» **Input data**
• • • • • • •

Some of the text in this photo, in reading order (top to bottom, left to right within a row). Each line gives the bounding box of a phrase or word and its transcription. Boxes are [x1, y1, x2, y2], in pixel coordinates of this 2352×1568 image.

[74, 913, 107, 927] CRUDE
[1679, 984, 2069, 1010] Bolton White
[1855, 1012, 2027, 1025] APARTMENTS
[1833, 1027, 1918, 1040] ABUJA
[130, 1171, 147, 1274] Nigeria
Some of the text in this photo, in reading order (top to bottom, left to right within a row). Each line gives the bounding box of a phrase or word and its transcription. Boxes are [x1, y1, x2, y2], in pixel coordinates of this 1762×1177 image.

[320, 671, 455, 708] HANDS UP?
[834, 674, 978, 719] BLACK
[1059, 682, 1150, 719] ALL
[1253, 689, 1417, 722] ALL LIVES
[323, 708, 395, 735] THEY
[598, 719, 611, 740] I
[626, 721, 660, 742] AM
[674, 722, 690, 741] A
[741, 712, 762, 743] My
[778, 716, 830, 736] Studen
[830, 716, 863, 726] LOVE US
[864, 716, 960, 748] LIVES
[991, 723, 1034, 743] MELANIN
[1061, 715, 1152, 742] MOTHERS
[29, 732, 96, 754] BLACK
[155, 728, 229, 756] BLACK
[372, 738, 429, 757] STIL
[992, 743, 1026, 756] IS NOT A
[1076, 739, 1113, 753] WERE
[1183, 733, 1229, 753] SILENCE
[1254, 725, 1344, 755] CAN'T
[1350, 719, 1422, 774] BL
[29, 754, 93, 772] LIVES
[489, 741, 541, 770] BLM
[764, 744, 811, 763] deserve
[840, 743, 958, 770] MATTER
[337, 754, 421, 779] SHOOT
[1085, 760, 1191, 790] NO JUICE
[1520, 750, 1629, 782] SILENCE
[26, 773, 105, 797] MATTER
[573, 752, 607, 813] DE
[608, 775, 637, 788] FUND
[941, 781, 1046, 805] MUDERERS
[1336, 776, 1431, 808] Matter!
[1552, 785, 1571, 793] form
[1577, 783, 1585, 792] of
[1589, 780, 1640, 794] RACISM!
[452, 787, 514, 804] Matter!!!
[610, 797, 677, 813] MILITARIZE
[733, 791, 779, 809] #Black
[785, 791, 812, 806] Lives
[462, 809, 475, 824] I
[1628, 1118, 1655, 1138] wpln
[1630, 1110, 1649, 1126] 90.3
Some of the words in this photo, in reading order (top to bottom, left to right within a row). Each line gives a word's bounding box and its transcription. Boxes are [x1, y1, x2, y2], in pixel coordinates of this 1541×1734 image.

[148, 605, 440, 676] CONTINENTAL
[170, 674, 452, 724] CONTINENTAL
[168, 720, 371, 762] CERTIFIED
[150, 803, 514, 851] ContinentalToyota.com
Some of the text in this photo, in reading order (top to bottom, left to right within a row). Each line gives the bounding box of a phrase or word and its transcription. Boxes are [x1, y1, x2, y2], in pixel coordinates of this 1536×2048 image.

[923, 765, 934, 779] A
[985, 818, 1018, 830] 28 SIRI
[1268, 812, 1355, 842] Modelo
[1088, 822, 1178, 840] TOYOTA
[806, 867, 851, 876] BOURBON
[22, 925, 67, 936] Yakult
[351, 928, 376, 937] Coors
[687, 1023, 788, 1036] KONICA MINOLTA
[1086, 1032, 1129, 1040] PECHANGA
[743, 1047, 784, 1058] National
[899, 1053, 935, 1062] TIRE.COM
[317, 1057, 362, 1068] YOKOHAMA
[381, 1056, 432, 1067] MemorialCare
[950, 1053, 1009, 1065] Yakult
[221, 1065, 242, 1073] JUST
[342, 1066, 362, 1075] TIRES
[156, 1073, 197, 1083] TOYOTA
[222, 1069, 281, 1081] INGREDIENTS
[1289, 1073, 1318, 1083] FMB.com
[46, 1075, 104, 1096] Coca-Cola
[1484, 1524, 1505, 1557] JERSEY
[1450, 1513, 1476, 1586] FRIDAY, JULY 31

• • • • • • •

» **Problem to solve**
No line may be left out; the records are to be transcribed in full.

» **Solved exercise**
Some of the text in this photo, in reading order (top to bottom, left to right within a row). Each line gives the bounding box of a phrase or word and its transcription. Boxes are [x1, y1, x2, y2], in pixel coordinates of this 2352×1568 image.

[74, 913, 107, 927] CRUDE
[1679, 984, 2069, 1010] Bolton White
[1855, 1012, 2027, 1025] APARTMENTS
[1833, 1027, 1918, 1040] ABUJA
[130, 1171, 147, 1274] Nigeria
Some of the text in this photo, in reading order (top to bottom, left to right within a row). Each line gives the bounding box of a phrase or word and its transcription. Boxes are [x1, y1, x2, y2], in pixel coordinates of this 1762×1177 image.

[320, 671, 455, 708] HANDS UP?
[834, 674, 978, 719] BLACK
[1059, 682, 1150, 719] ALL
[1253, 689, 1417, 722] ALL LIVES
[323, 708, 395, 735] THEY
[598, 719, 611, 740] I
[626, 721, 660, 742] AM
[674, 722, 690, 741] A
[741, 712, 762, 743] My
[778, 716, 830, 736] Studen
[830, 716, 863, 726] LOVE US
[864, 716, 960, 748] LIVES
[991, 723, 1034, 743] MELANIN
[1061, 715, 1152, 742] MOTHERS
[29, 732, 96, 754] BLACK
[155, 728, 229, 756] BLACK
[372, 738, 429, 757] STIL
[992, 743, 1026, 756] IS NOT A
[1076, 739, 1113, 753] WERE
[1183, 733, 1229, 753] SILENCE
[1254, 725, 1344, 755] CAN'T
[1350, 719, 1422, 774] BL
[29, 754, 93, 772] LIVES
[489, 741, 541, 770] BLM
[764, 744, 811, 763] deserve
[840, 743, 958, 770] MATTER
[337, 754, 421, 779] SHOOT
[1085, 760, 1191, 790] NO JUICE
[1520, 750, 1629, 782] SILENCE
[26, 773, 105, 797] MATTER
[573, 752, 607, 813] DE
[608, 775, 637, 788] FUND
[941, 781, 1046, 805] MUDERERS
[1336, 776, 1431, 808] Matter!
[1552, 785, 1571, 793] form
[1577, 783, 1585, 792] of
[1589, 780, 1640, 794] RACISM!
[452, 787, 514, 804] Matter!!!
[610, 797, 677, 813] MILITARIZE
[733, 791, 779, 809] #Black
[785, 791, 812, 806] Lives
[462, 809, 475, 824] I
[1628, 1118, 1655, 1138] wpln
[1630, 1110, 1649, 1126] 90.3
Some of the words in this photo, in reading order (top to bottom, left to right within a row). Each line gives a word's bounding box and its transcription. Boxes are [x1, y1, x2, y2], in pixel coordinates of this 1541×1734 image.

[148, 605, 440, 676] CONTINENTAL
[170, 674, 452, 724] CONTINENTAL
[168, 720, 371, 762] CERTIFIED
[150, 803, 514, 851] ContinentalToyota.com
Some of the text in this photo, in reading order (top to bottom, left to right within a row). Each line gives the bounding box of a phrase or word and its transcription. Boxes are [x1, y1, x2, y2], in pixel coordinates of this 1536×2048 image.

[923, 765, 934, 779] A
[985, 818, 1018, 830] 28 SIRI
[1268, 812, 1355, 842] Modelo
[1088, 822, 1178, 840] TOYOTA
[806, 867, 851, 876] BOURBON
[22, 925, 67, 936] Yakult
[351, 928, 376, 937] Coors
[687, 1023, 788, 1036] KONICA MINOLTA
[1086, 1032, 1129, 1040] PECHANGA
[743, 1047, 784, 1058] National
[899, 1053, 935, 1062] TIRE.COM
[317, 1057, 362, 1068] YOKOHAMA
[381, 1056, 432, 1067] MemorialCare
[950, 1053, 1009, 1065] Yakult
[221, 1065, 242, 1073] JUST
[342, 1066, 362, 1075] TIRES
[156, 1073, 197, 1083] TOYOTA
[222, 1069, 281, 1081] INGREDIENTS
[1289, 1073, 1318, 1083] FMB.com
[46, 1075, 104, 1096] Coca-Cola
[1484, 1524, 1505, 1557] JERSEY
[1450, 1513, 1476, 1586] FRIDAY, JULY 31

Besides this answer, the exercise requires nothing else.